(WORKING DATA begins)
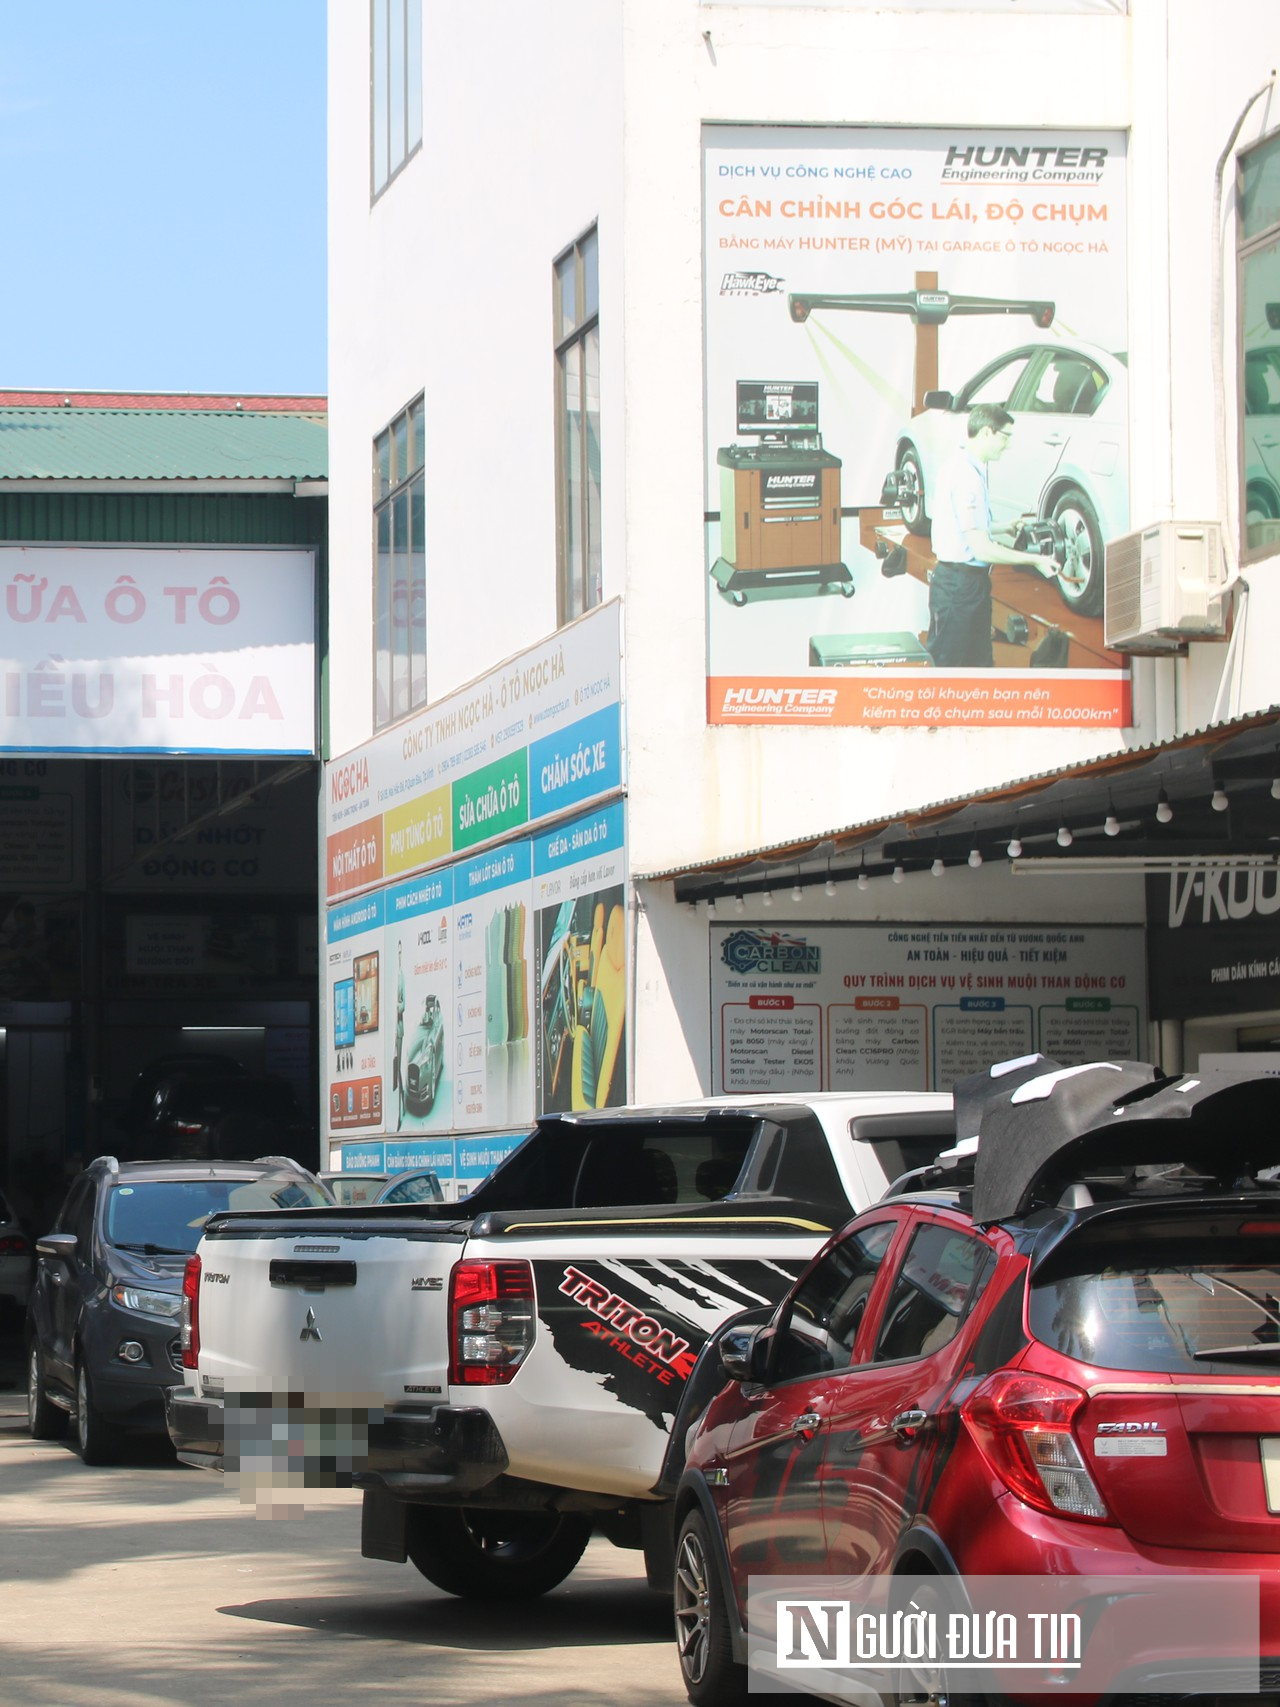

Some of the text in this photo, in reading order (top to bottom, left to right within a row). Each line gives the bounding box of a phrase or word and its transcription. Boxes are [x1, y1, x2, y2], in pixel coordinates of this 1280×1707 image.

[945, 146, 1108, 167] HUNTER
[719, 165, 912, 181] DỊCH VỤ CÔNG NGHỆ CAO
[942, 168, 1103, 182] Engineering Company
[719, 195, 1107, 226] CÂN CHỈNH GÓC LÁI, ĐỘ CHỤM
[720, 234, 1108, 255] BẰNG MÁY HUNTER (MỸ) TẠI GARAGE Ô TÔ NGỌC HÀ
[722, 273, 777, 291] HawkEye
[768, 475, 815, 483] HUNTER
[104, 575, 146, 625] Ô
[164, 576, 240, 625] TÔ
[142, 662, 284, 721] HÒA
[725, 688, 838, 704] HUNTER
[918, 688, 935, 699] tôi
[939, 688, 989, 701] khuyên
[994, 689, 1019, 701] bạn
[1024, 690, 1049, 700] nên
[403, 730, 423, 760] CÔNG
[425, 724, 433, 749] TY
[436, 712, 456, 744] TNHH
[458, 698, 480, 732] NGỌC
[482, 684, 493, 719] HÀ
[523, 659, 548, 696] NGỌC
[551, 644, 565, 682] HÀ
[722, 704, 834, 714] Engineering Company
[863, 706, 896, 718] kiểm
[900, 709, 919, 718] tra
[924, 707, 941, 721] độ
[945, 708, 983, 721] chụm
[988, 710, 1012, 719] sau
[1017, 706, 1043, 719] mỗi
[541, 740, 605, 794] CHĂM SÓC XE
[459, 794, 475, 830] SỬA
[476, 784, 498, 822] CHỮA
[142, 855, 258, 881] ĐỘNG CƠ
[1168, 860, 1280, 928] V-KOO
[888, 932, 908, 942] CÔNG
[736, 948, 818, 959] CARBON
[907, 947, 1068, 965] AN TOÀN HIỆU QUẢ TIẾT KIỆM
[758, 961, 818, 973] CLEAN
[1211, 959, 1267, 983] PHIM DÁN KÍNH
[843, 972, 1126, 991] QUY TRÌNH DỊCH VỤ VỆ SINH MUỘI THAN ĐỘNG CƠ
[757, 998, 780, 1006] BƯỚC
[558, 1265, 689, 1363] TRITON
[580, 1321, 675, 1386] ATHLETE
[1097, 1422, 1167, 1434] FADIL
(WORKING DATA ends)
WHAT THE TASK REQUIRES
All lines of the records above with the word "DỊCH" in them are to be copied.

EXERCISE RESULT
[719, 165, 912, 181] DỊCH VỤ CÔNG NGHỆ CAO
[843, 972, 1126, 991] QUY TRÌNH DỊCH VỤ VỆ SINH MUỘI THAN ĐỘNG CƠ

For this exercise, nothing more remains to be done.